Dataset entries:
* * * * * * * * *

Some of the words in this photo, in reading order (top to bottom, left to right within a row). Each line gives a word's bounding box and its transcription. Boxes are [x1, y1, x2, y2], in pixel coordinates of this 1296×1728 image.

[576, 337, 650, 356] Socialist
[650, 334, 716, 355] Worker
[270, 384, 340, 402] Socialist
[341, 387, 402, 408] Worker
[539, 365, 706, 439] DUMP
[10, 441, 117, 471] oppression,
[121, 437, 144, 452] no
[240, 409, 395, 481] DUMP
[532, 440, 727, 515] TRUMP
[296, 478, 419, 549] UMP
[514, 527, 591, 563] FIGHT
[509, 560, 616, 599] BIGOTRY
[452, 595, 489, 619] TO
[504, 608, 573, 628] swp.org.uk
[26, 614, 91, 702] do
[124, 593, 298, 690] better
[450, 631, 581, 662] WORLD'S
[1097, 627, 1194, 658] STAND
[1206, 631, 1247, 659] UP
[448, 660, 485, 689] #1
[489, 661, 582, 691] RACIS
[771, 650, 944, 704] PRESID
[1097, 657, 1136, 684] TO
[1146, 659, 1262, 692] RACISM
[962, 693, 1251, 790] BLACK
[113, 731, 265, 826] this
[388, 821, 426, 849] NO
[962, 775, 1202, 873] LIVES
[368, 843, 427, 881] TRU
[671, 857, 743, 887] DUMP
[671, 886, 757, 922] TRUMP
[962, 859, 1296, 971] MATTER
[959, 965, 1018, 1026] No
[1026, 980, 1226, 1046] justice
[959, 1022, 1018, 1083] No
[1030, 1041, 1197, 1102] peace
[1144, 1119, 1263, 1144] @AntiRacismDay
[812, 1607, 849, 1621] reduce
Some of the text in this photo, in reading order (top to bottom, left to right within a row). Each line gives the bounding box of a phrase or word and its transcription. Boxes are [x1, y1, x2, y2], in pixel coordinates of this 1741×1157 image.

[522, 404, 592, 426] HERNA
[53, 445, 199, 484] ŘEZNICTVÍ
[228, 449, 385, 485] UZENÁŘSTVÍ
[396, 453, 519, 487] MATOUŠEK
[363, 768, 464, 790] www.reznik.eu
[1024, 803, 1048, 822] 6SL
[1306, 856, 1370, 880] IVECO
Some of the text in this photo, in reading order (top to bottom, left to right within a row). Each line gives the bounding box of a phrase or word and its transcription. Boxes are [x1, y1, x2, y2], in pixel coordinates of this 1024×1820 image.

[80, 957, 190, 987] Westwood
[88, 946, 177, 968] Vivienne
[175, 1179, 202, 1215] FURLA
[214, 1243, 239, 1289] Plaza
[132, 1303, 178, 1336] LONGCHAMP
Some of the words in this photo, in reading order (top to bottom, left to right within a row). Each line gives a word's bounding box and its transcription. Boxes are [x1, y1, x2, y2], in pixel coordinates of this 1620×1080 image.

* * * * * * * * *

The lines from the one holding "this 1024×1820 image." to the last line of the entries, both included: retype them exactly and give nothing else.

• Exercise solution
Some of the text in this photo, in reading order (top to bottom, left to right within a row). Each line gives the bounding box of a phrase or word and its transcription. Boxes are [x1, y1, x2, y2], in pixel coordinates of this 1024×1820 image.

[80, 957, 190, 987] Westwood
[88, 946, 177, 968] Vivienne
[175, 1179, 202, 1215] FURLA
[214, 1243, 239, 1289] Plaza
[132, 1303, 178, 1336] LONGCHAMP
Some of the words in this photo, in reading order (top to bottom, left to right within a row). Each line gives a word's bounding box and its transcription. Boxes are [x1, y1, x2, y2], in pixel coordinates of this 1620×1080 image.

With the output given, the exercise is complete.